= EXCERPTED DATA =
*****

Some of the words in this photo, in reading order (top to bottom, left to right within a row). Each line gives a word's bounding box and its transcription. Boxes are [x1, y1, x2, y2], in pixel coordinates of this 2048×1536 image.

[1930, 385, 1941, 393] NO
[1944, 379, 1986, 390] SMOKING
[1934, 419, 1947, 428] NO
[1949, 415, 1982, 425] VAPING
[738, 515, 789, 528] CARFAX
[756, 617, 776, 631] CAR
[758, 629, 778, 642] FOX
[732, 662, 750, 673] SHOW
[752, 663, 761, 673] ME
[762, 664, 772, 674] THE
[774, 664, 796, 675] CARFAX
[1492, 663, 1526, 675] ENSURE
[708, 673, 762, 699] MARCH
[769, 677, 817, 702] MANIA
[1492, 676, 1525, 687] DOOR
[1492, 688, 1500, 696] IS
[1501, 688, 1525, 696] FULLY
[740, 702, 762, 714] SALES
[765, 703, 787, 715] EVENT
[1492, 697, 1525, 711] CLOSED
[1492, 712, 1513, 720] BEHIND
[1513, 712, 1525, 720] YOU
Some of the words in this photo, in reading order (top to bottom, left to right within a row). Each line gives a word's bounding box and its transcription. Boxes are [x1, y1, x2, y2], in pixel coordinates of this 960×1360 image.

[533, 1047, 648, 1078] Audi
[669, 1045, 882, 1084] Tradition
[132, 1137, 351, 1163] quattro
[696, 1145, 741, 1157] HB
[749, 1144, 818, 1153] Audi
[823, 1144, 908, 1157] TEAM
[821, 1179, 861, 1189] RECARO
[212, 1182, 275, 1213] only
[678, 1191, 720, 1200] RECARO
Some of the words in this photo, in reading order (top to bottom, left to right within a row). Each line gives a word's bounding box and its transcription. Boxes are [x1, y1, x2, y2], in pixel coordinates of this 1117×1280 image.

*****

= WHAT YOU NEED TO DO =
Repeat the whole listing exactly.

= RESPONSE TO THE EXERCISE =
Some of the words in this photo, in reading order (top to bottom, left to right within a row). Each line gives a word's bounding box and its transcription. Boxes are [x1, y1, x2, y2], in pixel coordinates of this 2048×1536 image.

[1930, 385, 1941, 393] NO
[1944, 379, 1986, 390] SMOKING
[1934, 419, 1947, 428] NO
[1949, 415, 1982, 425] VAPING
[738, 515, 789, 528] CARFAX
[756, 617, 776, 631] CAR
[758, 629, 778, 642] FOX
[732, 662, 750, 673] SHOW
[752, 663, 761, 673] ME
[762, 664, 772, 674] THE
[774, 664, 796, 675] CARFAX
[1492, 663, 1526, 675] ENSURE
[708, 673, 762, 699] MARCH
[769, 677, 817, 702] MANIA
[1492, 676, 1525, 687] DOOR
[1492, 688, 1500, 696] IS
[1501, 688, 1525, 696] FULLY
[740, 702, 762, 714] SALES
[765, 703, 787, 715] EVENT
[1492, 697, 1525, 711] CLOSED
[1492, 712, 1513, 720] BEHIND
[1513, 712, 1525, 720] YOU
Some of the words in this photo, in reading order (top to bottom, left to right within a row). Each line gives a word's bounding box and its transcription. Boxes are [x1, y1, x2, y2], in pixel coordinates of this 960×1360 image.

[533, 1047, 648, 1078] Audi
[669, 1045, 882, 1084] Tradition
[132, 1137, 351, 1163] quattro
[696, 1145, 741, 1157] HB
[749, 1144, 818, 1153] Audi
[823, 1144, 908, 1157] TEAM
[821, 1179, 861, 1189] RECARO
[212, 1182, 275, 1213] only
[678, 1191, 720, 1200] RECARO
Some of the words in this photo, in reading order (top to bottom, left to right within a row). Each line gives a word's bounding box and its transcription. Boxes are [x1, y1, x2, y2], in pixel coordinates of this 1117×1280 image.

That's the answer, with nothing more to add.